It is known that these cavities and air cavities are mainly caused by oral pathogens present in the oral cavity.

It is known that about 800 kinds of microorganisms are parasitic or symbiotic in human oral cavity. These microbial flora are controlled by enzymes secreted along with saliva, but because the inside of the oral cavity rich in nutrients and moisture is a good condition for the growth of microorganisms, the number of microorganisms can be greatly increased in plaque on the tongue or tartar on the tooth surface. .

As a method of inhibiting the proliferation of these oral pathogens, a therapy to remove plaque or calculus, which is the habitat of the germs, is known, and a therapy using an antibacterial agent acting on the pathogen itself or an antibiotic capable of sterilizing and bacteriostatic action Is known.
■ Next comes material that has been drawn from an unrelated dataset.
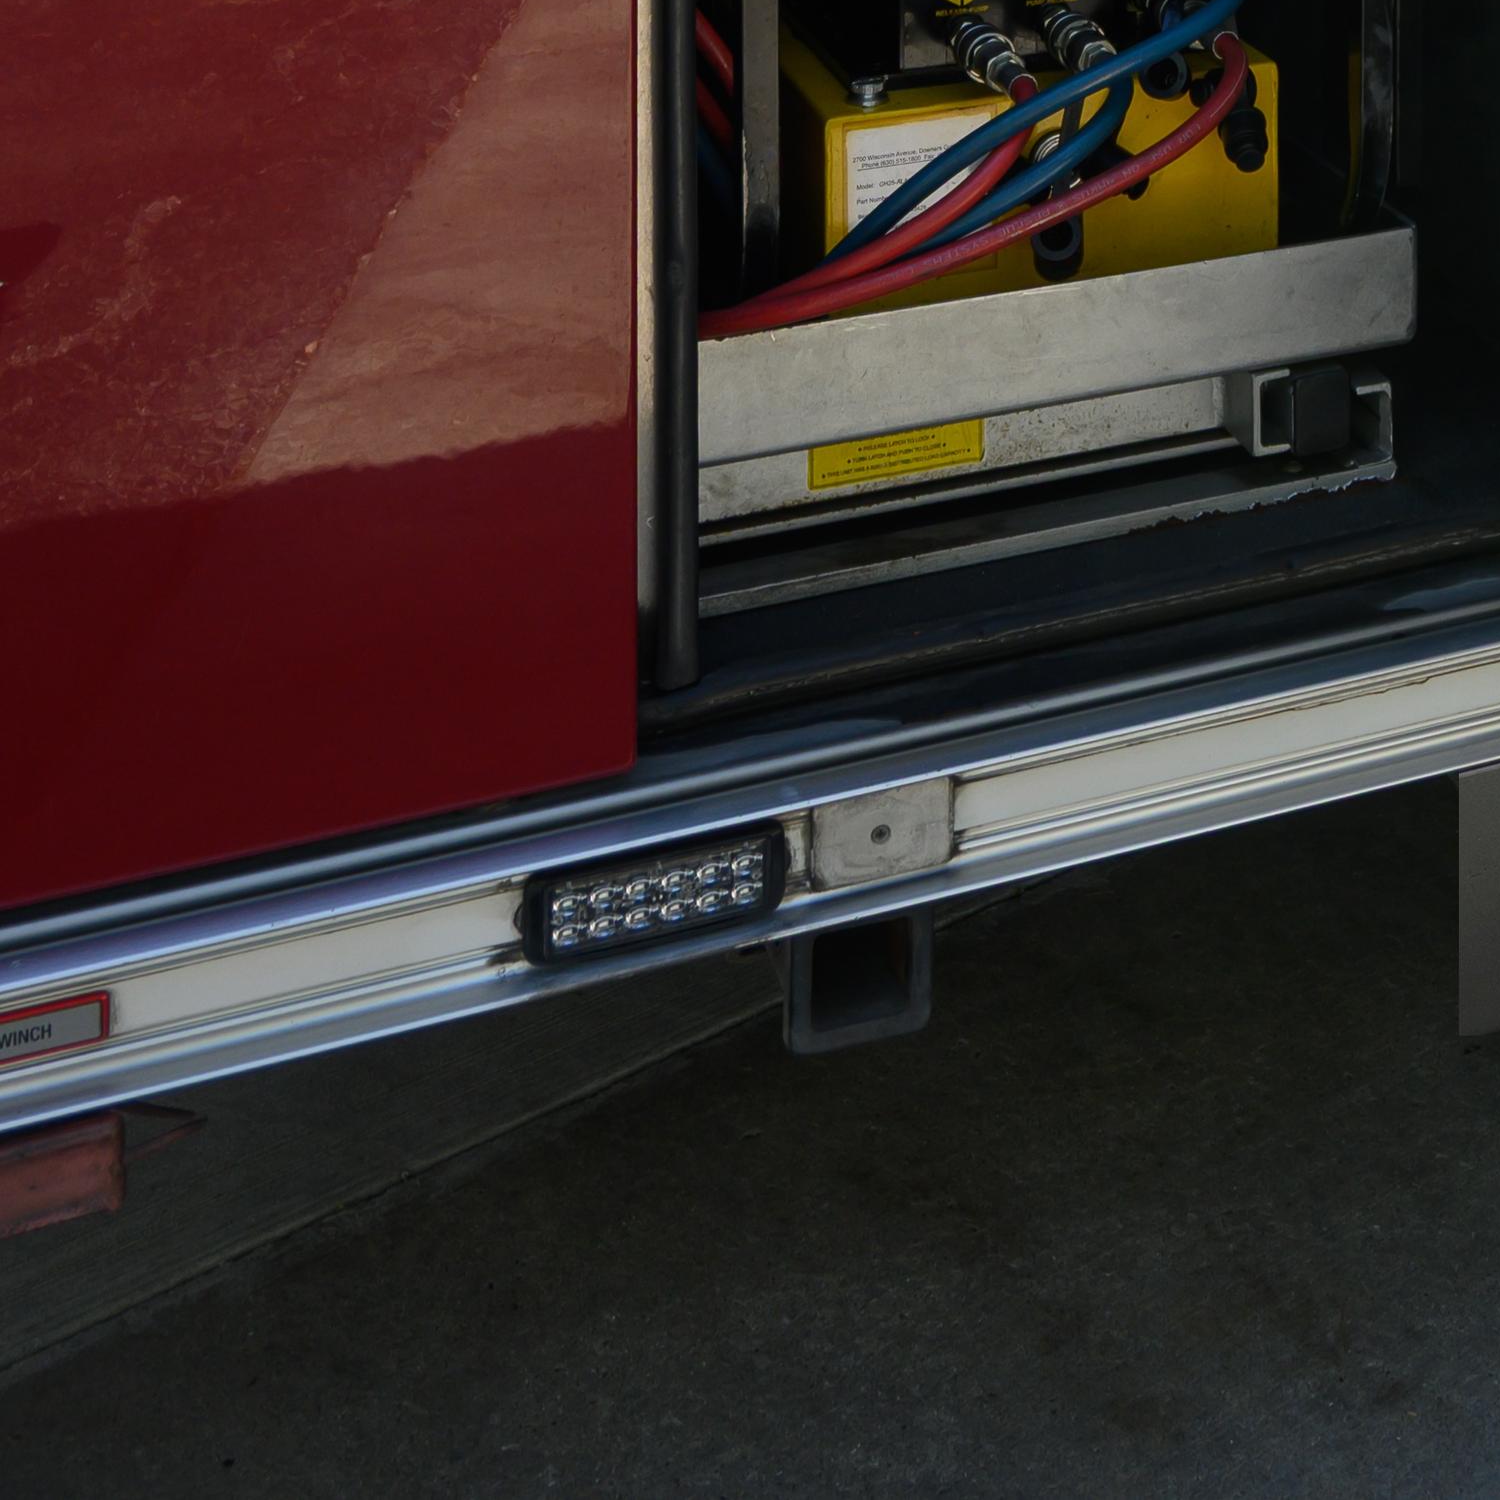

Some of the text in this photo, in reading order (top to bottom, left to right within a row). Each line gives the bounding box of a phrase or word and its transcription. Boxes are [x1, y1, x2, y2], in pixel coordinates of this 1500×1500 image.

However, antibiotics are difficult to use for a long time because they can cause systemic side effects, such as allergies, and can cause resistant bacteria in the oral cavity or cause superinfection.

In addition, antimicrobial agents used in oral cleansers have not yet clearly revealed their effect on bacteria in the oral cavity, and in particular, there is controversy over the therapeutic effect of gum disease. There is a problem that may cause side effects.
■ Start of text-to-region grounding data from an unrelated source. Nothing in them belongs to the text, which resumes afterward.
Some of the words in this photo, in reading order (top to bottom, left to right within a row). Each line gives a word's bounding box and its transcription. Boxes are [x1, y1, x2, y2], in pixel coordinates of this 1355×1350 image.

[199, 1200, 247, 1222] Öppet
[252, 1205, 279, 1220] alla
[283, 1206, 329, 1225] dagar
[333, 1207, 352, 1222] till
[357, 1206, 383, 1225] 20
The present specification is capable of effectively preventing or treating tooth decay, periodontitis, or gingivitis by inhibiting the bacterial activity in the oral cavity, but is not highly toxic to the human body, and can be used for a long period of time, tablets for oral use, toothpaste, gargle liquid, oral cavity It is intended to provide a composition for preventing or treating oral diseases that can be applied in various formulations such as patches.

The present specification is intended to provide a composition for preventing or treating oral diseases, including an extract of PerillaeFructus and 1,2,3-butanetriol.

According to an embodiment of the invention, the oral disease may include any one or more of bad breath, dental caries, gingivitis, and periodontitis.

And, the 1,2,3-butanetriol, (2S,3S)1,2,3-butanetriol, (2S,3R)1,2,3-butanetriol, (2R,3S)1 ,2,3-butanetriol, and (2R,3R)1,2,3-butanetriol may contain at least one selected from the group consisting of triol.

And, the composition for preventing or treating oral diseases, 1,2,3-butanetriol, about 0.0001 wt.% to about 0.250 wt.%, or about 0.0001 wt.% to about 0.150 wt%, or about 0.0005 It may be desirable to include in a concentration of wt.% to about 0.100 wt.%.

According to an embodiment of the invention, the magnetic element is perilla ( Perilla frutescens Britton var. acuta Kudo ) Seed or Perilla frutescens Britton var. crispa Decaisne ) may include any one or more of the seeds.

At this time, the perilla extract is water, methanol, ethanol, propanol, isopropanol, butanol, acetone, ether, ethyl acetate, methylene chloride, n-hexane, hydrochloric acid, acetic acid, formic acid, diethyl ether, and cyclo It may be extracted using one or more solvents selected from the group consisting of hexane.

And, the perilla extract is extracted and concentrated in a ratio of about 10:1 to about 500:1, or about 50:1 to about 200:1, or about 60:1 to about 100:1 It may be desirable, and at the same time, the composition for preventing or treating oral diseases may contain a perilla extract extracted and concentrated in the above ratio at a concentration of about 0.15 mg/ml015 wt.% or less.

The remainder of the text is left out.